A major portion of the source code for iOS 9 was leaked after an anonymous GitHub user posted it in a repository on the website. Now, it's almost impossible for hackers to even find bugs in iOS code, making iOS exploits relatively rare, unlike in Windows and Android. In fact, users who find bugs or vulnerabilities in the bootup process can receive as much as $200,000 as part of the company's bug bounty program, Motherboard reports. It is, however, the first app that runs when you turn on an iOS device, silently transitioning from a black screen to the white Apple icon to iOS's colorful Home screen.

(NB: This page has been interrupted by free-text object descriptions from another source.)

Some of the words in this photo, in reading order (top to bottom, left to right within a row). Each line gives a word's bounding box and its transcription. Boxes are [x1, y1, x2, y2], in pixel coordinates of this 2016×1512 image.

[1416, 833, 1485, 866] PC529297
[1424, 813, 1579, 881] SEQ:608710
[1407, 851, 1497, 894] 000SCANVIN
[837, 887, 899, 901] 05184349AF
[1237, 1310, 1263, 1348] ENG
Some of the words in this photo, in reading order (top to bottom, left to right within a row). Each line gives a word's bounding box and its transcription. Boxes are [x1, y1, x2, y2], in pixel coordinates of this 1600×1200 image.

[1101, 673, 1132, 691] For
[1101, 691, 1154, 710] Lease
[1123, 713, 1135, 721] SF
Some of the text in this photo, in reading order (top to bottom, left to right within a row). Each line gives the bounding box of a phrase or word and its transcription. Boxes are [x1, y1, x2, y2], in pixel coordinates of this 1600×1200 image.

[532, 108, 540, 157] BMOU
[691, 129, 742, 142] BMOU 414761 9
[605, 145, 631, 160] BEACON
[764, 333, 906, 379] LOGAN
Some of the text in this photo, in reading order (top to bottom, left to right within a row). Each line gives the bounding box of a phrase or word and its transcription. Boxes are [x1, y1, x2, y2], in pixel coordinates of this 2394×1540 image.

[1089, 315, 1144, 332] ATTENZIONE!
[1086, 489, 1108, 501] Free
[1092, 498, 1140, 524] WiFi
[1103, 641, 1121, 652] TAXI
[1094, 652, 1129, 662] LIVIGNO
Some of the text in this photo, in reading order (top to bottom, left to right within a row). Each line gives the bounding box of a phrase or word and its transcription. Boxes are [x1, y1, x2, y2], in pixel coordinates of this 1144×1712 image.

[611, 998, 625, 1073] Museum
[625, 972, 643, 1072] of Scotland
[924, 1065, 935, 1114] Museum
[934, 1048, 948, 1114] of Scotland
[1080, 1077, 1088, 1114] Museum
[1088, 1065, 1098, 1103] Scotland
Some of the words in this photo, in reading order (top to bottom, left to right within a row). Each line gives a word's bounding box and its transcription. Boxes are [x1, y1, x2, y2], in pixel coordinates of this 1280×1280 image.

The source code leak was considered a major security issue for Apple, as hackers could dig through it and search for any vulnerabilities on iBoot. However, security researcher Jonathan Levin confirms the code is the real deal as it matches some iBoot code he himself has reverse engineered. And yes, iOS 11 could be connected to version 9 in such a way that flaws discovered on the latter may also be executed on the former.
According to experts, this may not be too much of an obstacle for hackers and researchers as the existing code could still provide a treasure trove in terms of locating vulnerabilities and creating device jailbreaks for an iPhone or iPad. "It is not open-source", the request, filed by the legal firm of Kilpatrick Townsend & Stockton said.
Apple hasn't commented on the leak yet and it's unclear who was behind it. Grosfield said. "Apple will be scrambling to mitigate any potential risks, and the window of opportunity for malware to take advantage of that is probably pretty small". For so long, these codes have been well kept under wraps, as Apple has been very hesitant on sharing them openly with the public. iBoot, in particular, is a highly critical component.
Interestingly, the same source code was also published on Reddit four months earlier by a user named apple_internals. These days, modders are more likely to sell the exploit than release it for free to the jailbreak community.